It is desirable, therefore, to have a sophisticated server device for sequentially serving a plurality of balls to the player employing a relatively simple, inexpensive design, which addresses the ball jamming problem and which can be offered at reasonable price points to the customer.
SUMMARY OF THE DISCLOSURE
Briefly stated, a robot server assembly having a back panel with a rounded ball collector mounting section at the bottom. A ball feed collector plate extends outwardly from the bottom of back panel. A ball pickup mechanism is operatively positioned between with the ball collector mounting section and the ball feed collector plate. There is an upper ball guide at the upper end of the back panel. A front cover is attached to the front surface of the back panel and extends from the bottom of the ball guide to ball pickup mechanism defining an enclosed ball passageway. An oscillator is mounted to the top of the back panel above the upper ball guide and a serving head assembly is attached to the oscillator through a pivot guide.
In one aspect, the front cover has a substantially U-shaped cross-sectional configuration to eliminate angles and corners and facilitates ball movement through the ball feed passage thereby reducing jamming.
In one aspect, the front cover can be substantially transparent to the extent it allows viewing of balls moving within the ball feed passage.
In one aspect, the serving head assembly comprises a discharge wheel and a discharge tube. In one aspect of the invention, the discharge tube has a fluted bore. In one aspect the serving head assembly comprises a pair of opposed discharge wheels having replaceable friction material. One or more discharge wheels may operatively extend into the bore of the fluted discharge tube.
In one aspect, the ball collector plate has a contoured configuration that reduces ball hang up, gathering and jamming and is angled relative to the longitudinal axis of the robot to facilitate ball feed and pickup.
Another aspect of the ball pickup mechanism comprises a rotatable pickup wheel having a plurality of resilient pickup fingers that enhance ball pickup by the ball pickup mechanism.
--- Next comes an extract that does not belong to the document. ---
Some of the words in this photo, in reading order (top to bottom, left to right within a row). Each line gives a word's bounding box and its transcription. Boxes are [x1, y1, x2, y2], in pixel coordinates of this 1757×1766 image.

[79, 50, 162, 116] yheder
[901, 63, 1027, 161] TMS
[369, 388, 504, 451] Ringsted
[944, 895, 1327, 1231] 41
In another aspect, the pickup wheel comprises a plurality of ball feed springs of varying lengths and configurations that enhance ball pickup by the ball pickup mechanism.
Another aspect of the disclosure is a ball guide design that prevents hang-up of the table tennis balls at the juncture where they enter the serving head.
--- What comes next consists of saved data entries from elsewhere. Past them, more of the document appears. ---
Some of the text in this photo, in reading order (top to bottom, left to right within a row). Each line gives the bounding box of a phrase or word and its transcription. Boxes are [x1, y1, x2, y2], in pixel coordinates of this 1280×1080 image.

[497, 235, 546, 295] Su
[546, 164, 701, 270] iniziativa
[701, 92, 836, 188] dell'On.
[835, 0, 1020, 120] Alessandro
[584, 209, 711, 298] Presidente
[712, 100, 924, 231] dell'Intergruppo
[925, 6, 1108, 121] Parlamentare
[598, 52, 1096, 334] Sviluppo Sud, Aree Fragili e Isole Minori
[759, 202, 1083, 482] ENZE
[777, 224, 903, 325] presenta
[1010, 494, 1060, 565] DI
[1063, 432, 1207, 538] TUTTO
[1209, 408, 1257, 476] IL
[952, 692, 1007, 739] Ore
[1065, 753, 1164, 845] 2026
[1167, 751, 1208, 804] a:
Yet another aspect of the disclosure is a robot server assembly that can be expanded to accept a net assembly or trough assembly.
BRIEF DESCRIPTION OF THE DRAWINGS
FIG. 1 is a perspective view of an embodiment of a robot server assembly constructed in accordance with the present disclosure;
FIG. 2 is a front elevational view of an embodiment of FIG. 1;
FIG. 3 is a side elevational view there of;
FIG. 4 is an isometric view of the lower section of the robot server assembly, sans ball pickup mechanism, illustrating the ball tray and opening to the ball pickup mechanism;
FIG. 5 is an exploded view of a ball pickup mechanism;
FIG. 6 is a rear perspective view of the of the front cover;
FIG. 7 is a front perspective view of the upper end of the ball feed passage, sans front cover, with the upper ball guide removed therefrom;
FIG. 8 is a top plan view of an alternative embodiment of a ball guide;
FIG. 9 is a exploded, topm perspective view of the oscillator of the assembly of FIG. 1;
FIG. 10. is an exploded view of the serving head;
FIG. 11A is a perspective view an alternative embodiment of a discharge tube and discharge wheel assembly;
FIG. 11B is a front plan view thereof;
FIG. 12 is a front plan view of the digital controller used in cooperation with the assembly of FIG. 1;
FIG. 13 is a rear plan view thereof;
FIG. 14A-14F is a table listing the menu choices and corresponding functions displayed on the digital controller; and
FIG. 15 is a computer screen shot illustrating software applications for programming and operating a table tennis robot from computer. The screen is illustrative only and any appropriate screen managed by the operating system software that can be used to manage the functions in a user friendly manner is encompassed by the scope of the invention. For example, various textual or alphanumeric indicators, such as C,P,I & D can be replaced by graphic symbols,
DETAILED DESCRIPTION
While this disclosure is susceptible of embodiment in many different forms, there is shown in the drawings and will herein be described in detail preferred embodiments of the disclosure with the understanding that the present disclosure is to be considered as an exemplification of the principles of the disclosure and is not intended to limit the broad aspect of the disclosure to the embodiments illustrated.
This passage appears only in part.